You are not in their marriage. The statement "she has issues with him being friends with lots of women" says it all.

- Response by catscratch, A Thinker, Female, 46-55, Executive

Rating Received:


Trust = love.

Without trust there can never be real love.

- Response by llafsroh, An Intellectual Guy, Male, 46-55, Boston, Science / Engineering

Rating Received:


If a man feels like he has to hide something from ME, I must be doing something wrong. That phone could be anywhere and I still wouldn't look through it. It always amazes me when I hear women talking about how they snoop, I just don't get it.

- Response by dogrn, A Hippie Chick, Female, 36-45, Who Cares?

Rating Received:


It may be a control issue, but it begins with her own crappy self esteem. She uses manipulation and control tactics as a way of compensating.
You can't cure crappy self esteem. It has to be done through mental strengthening exercises, just like building physical strength.

- Response by chesterdad, An Intellectual Guy, Male, 56-65, San Francisco

Rating Received:


If you are in a relationship without trust, what's the point of being in it. I believe most women has a power to know when their man is cheating, it's called intiution. Use it and use it well...if not... don't bother being in a relalationship.

- Response by elbesims, A Career Woman, Female, 36-45

Rating Received:


Brother's wife sounds like a controlling bitch -- from your description.

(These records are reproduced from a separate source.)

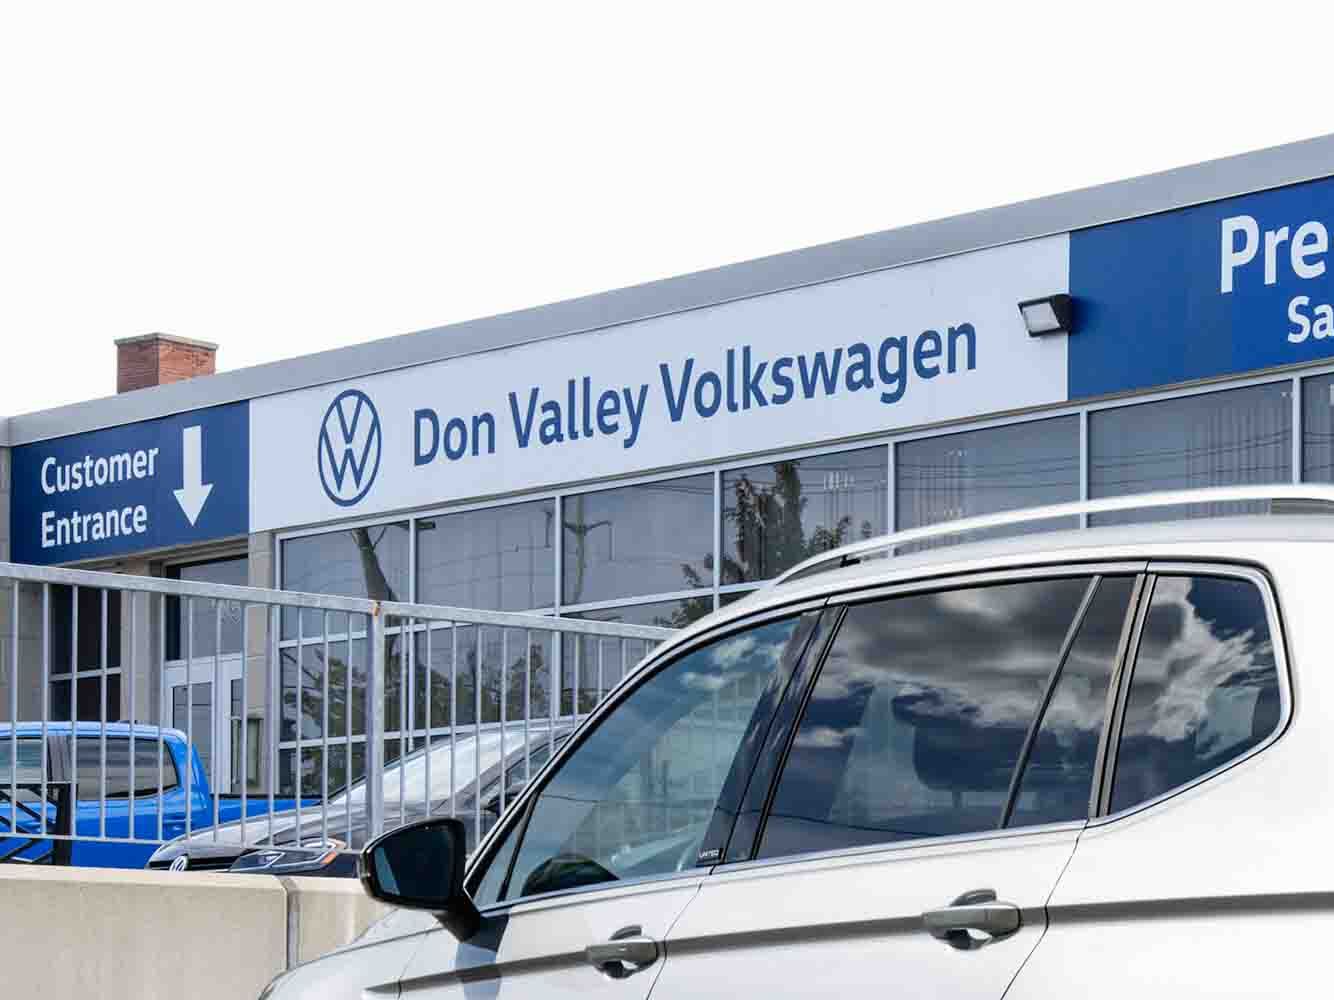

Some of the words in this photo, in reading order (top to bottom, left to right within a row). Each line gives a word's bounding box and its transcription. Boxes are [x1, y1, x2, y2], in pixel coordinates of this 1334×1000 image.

[413, 408, 496, 467] Don
[508, 376, 649, 450] Valley
[659, 321, 977, 404] Volkswagen
[41, 447, 159, 495] Customer
[41, 504, 148, 549] Entrance

- Response by greenwind, An Intellectual Guy, Male, 56-65, Construction

Rating Received:


Yes, i believe that a guy who hides things from you is cheating. He may not be cheating on you for another girl but he may be lying to you about something. Hiding things from your loved ones is not healthy in a relationship. I've been a victim of a guy who hid the truth from me for a long time. He lied to me about his debts and so many things. Later on, the relationship fell apart because "trust" was broken. He can't commit to the relationship and cannot fight for me because he's broke. He can't go back to my country to be with me. He also lost his job. So I've decided to let go but it was so painful.
Now, if the man willingly showed his cellphone without any hesitations, there's no reason for the woman to suspect right? I mean, if the man is not hiding anything, why can't you show it? You don't need to hide anything right? But, if the man already showed his cellphone, his wallet or even his e-mails, and the woman is still paranoid and out of control, i guess the woman is the crazy one. The man can't also be defensive and say, "Why do you want to check my phone, you don't trust me? Do you love me?" Bla bla bla! Bullshit! To make the story short, MEN SHOULD JUST QUIT HIDING! SHOW YOUR DAMN PHONE! SHOW YOUR DAMN WALLET! SHOW YOUR DAMN EMAILS! CUT THE PRIVACY CRAP! JUST BE REAL! BE HONEST! THAT'S IT and NORMALLY, women will QUIT SUSPECTING! AND VICE VERSA!!!